I wished I had a headache. It’s less embarrassing than “I wrecked my own back acting like a moron.”
Even worse, the following morning, at around 3am, when I took a couple more tablets to deal to it, they didn’t kick in. That wonderful feeling of dissipating pain did not happen. Not enough to make it bearable.
I considered taking an extra capsule. I read the packet and it said not to exceed the dosage, and I did the maths and knew I had taken my lot already, but pain was not my friend and I decided, screw it. If I overdose and die, I will deal with that when it happens, but I can’t stand this. So I took one extra, just the one, and praise be, half an hour later, it helped.
I was telling a friend about this the next day.
She was all, “You can’t do that.”
“I know I can’t do it,” I told her. “It says so on the packet. But I did it. I mean, people take heroin all the time and don’t die. It’s not as bad as that.”
“No, seriously,” she says. (Her partner is a doctor.) “You can’t do that with those things. It’s dangerous.
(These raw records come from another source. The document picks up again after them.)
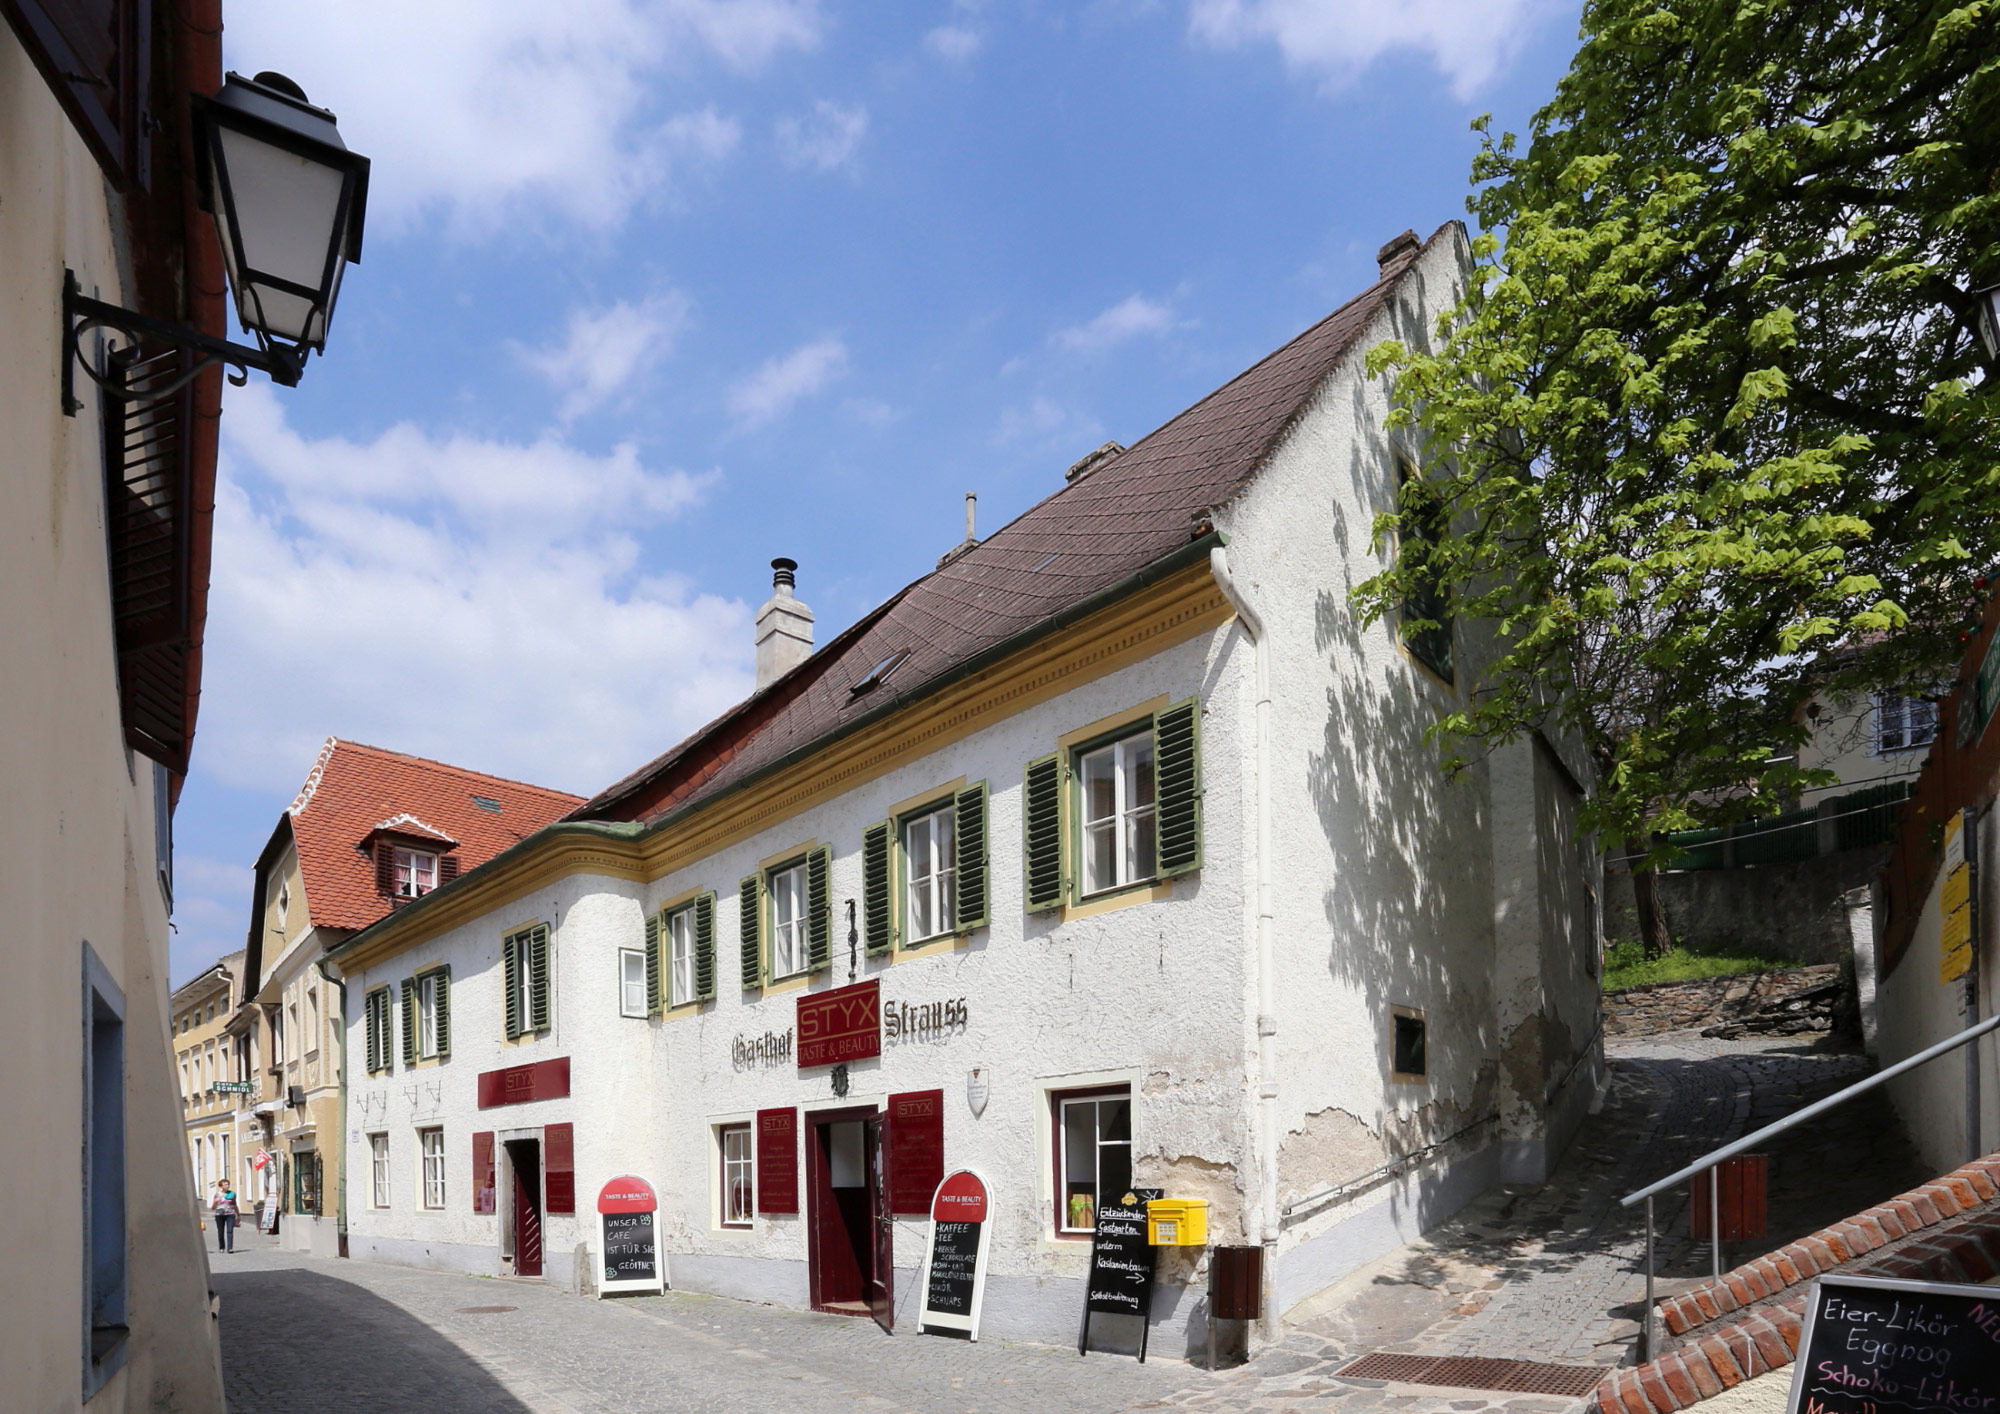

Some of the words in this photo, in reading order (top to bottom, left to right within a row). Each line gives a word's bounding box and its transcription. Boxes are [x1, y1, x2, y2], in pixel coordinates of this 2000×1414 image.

[801, 995, 876, 1037] STYX
[884, 996, 967, 1037] Strauss
[731, 1027, 793, 1064] Gasthof
[798, 1043, 825, 1061] TASTE
[828, 1041, 836, 1056] &
[840, 1034, 879, 1055] BEAUTY
[507, 1071, 534, 1089] STYX
[898, 1102, 931, 1116] STYX
[764, 1117, 789, 1129] STYX
[1100, 1206, 1146, 1220] Entzückender
[608, 1218, 638, 1227] UNSER
[939, 1222, 970, 1233] KAFFEE
[1098, 1221, 1140, 1236] Gastgarten
[607, 1227, 632, 1240] CAFÉ
[938, 1233, 953, 1242] TEE
[607, 1245, 619, 1255] IST
[623, 1242, 640, 1254] FÜR
[642, 1244, 655, 1254] SIE
[1096, 1241, 1122, 1251] unterm
[1096, 1254, 1150, 1272] Kastanienbaum
[931, 1294, 962, 1307] SCHNAPS
[1090, 1291, 1139, 1309] Selbstbedienung
[1823, 1298, 1959, 1336] Eier-Likör
[1846, 1327, 1951, 1378] Eggnog
[1817, 1361, 1996, 1409] Schoko-Likör
If you can’t sleep, you should take a sleeping pill.”
I don’t own any sleeping pills, and it turns out that of course, she was dead right about my new little over-the-counter best friends, because apparently, even in small extra doses, they can damage your liver.
Another colleague gave me some anti-inflammatory pills from when she, too, had a bad back (I am a hundred years old just writing that) and then I went and bought some of my own cos I figured this annoying problem might still be around for another day or two, and whatever it was, it clearly needed treatment, and it was cheaper than going to the doctor, and I’d eliminated the usual suspects like appendicitis. Besides. I knew what I’d done.
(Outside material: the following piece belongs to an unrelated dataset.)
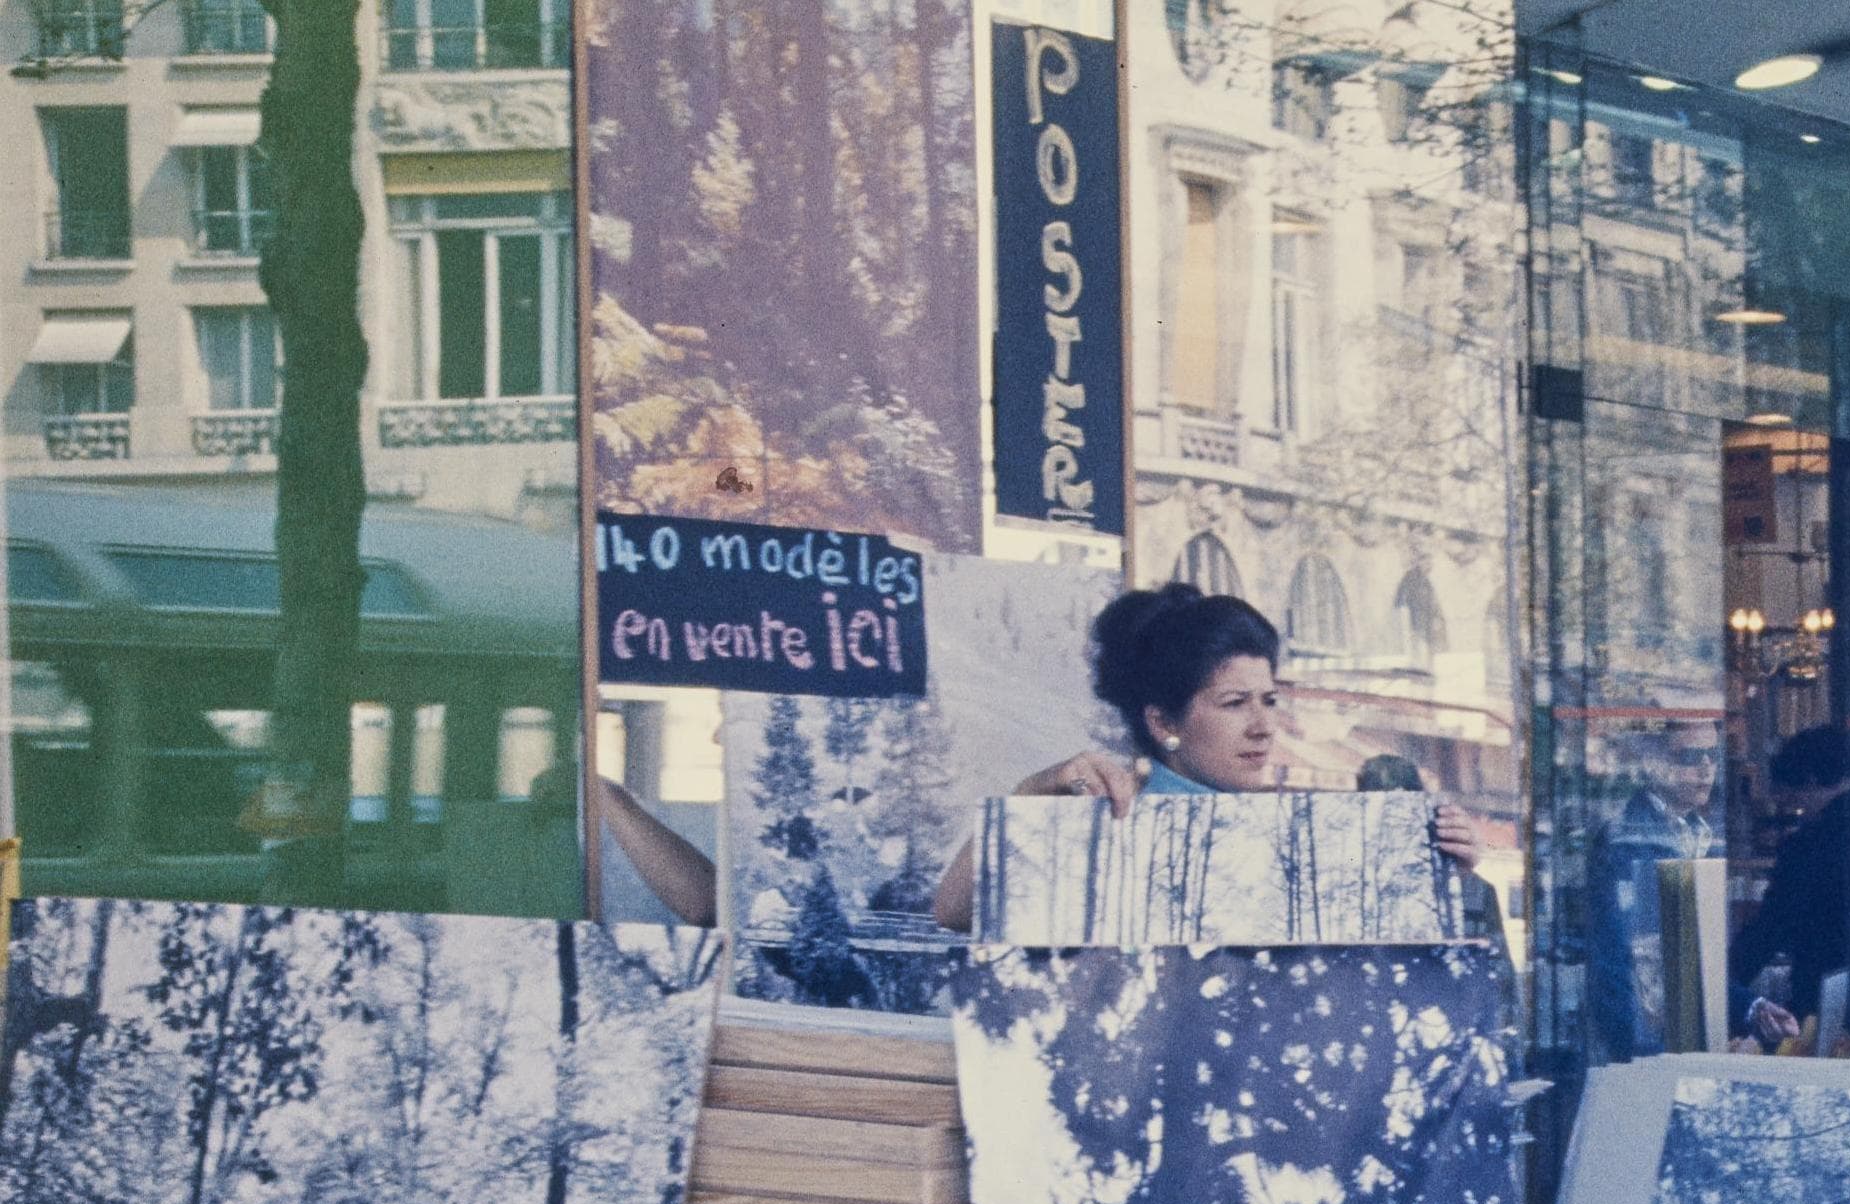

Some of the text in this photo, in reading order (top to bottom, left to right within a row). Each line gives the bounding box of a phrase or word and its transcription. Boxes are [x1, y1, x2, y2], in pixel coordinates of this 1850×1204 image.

[595, 523, 919, 604] 140 modèles
[612, 608, 671, 662] en
[683, 610, 815, 671] vente
Oh, yes, I knew what I’d done Miss Idiot-spend-the-day-in-bed-with-laptop.
But another couple of days passed and now I was getting really annoyed. It wasn’t getting any better and I was still going through these painkillers at the same rate. So I thought, right. I better go to the doc and start getting some physio or osteo, or whatever it is they do for morons who damage their own backs.
So I go to the doc and admit the truth.
I have been foolish, I told her. I have been writing on my laptop whilst in bed, with no decent support, and now I am paying the price for this stupidity.
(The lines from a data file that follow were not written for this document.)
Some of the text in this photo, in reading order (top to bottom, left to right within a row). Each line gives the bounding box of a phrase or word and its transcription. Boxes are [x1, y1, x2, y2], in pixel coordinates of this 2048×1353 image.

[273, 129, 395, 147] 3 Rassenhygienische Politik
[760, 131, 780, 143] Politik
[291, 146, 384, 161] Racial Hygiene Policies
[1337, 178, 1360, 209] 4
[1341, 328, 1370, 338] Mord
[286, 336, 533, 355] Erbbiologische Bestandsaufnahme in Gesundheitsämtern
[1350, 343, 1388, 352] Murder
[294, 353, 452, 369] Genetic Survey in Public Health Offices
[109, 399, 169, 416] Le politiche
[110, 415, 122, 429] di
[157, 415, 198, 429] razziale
Let’s have a look, she says, so I whip off my top and she looks at the area where I said I’d wrecked my back, and she says to me, You know you’ve got a rash?
What? No. A rash?
Yes, she says. And it’s spread a bit. I think you’ve got shingles.
Shingles? I shriek.
You mean I haven’t done in my back? I have a legit condition that is nothing to do with sitting in bed with a laptop writing with no decent back support?
I swear, that is what I was thinking. I was not dwelling on the horror stories of people suffering weeks and weeks of nerve pain and itching agony with spreading rashes, and hospitalisation and all that stuff. No. It was relief, sheer relief, that I had not indeed brought this misery upon myself. I have not caused this painful back condition.
So I have medications and tons more suitable painkillers, and time off work and instructions to rest and yes I am irritable and temporarily addicted to said little capsules, and I imagine I am itching on every part of my person now, and the doc did say it could get worse, the pain could sharpen, before it gets better, that is a fact.
But I am young and fit.
But I am alive.
And I am so happy I have not buggered my back by working in bed with the coffee, the cat and the lack of decently firm cushions.
I am so happy.
I am most likely the happiest Shingle sufferer ever.
Not that I will indulge in the laptop/bed/coffee/cat thing much more. I will sit at my desk with my chair and be good about that, and try and sit straight as I have had a close call. Even more, I shall not roll my eyes any more when
idiots people go on about their backs and their precious “core” and other parts of their bodies like that. Maybe, albeit, discreetly, I will become a bit like them. But in private. No one needs to know anything else about what’s going on with this body.
PS: I no longer think that itching is imaginary. Actually seems to be pretty legit.
PPS I have made the mistake of going on line and have seen images of people with shingles.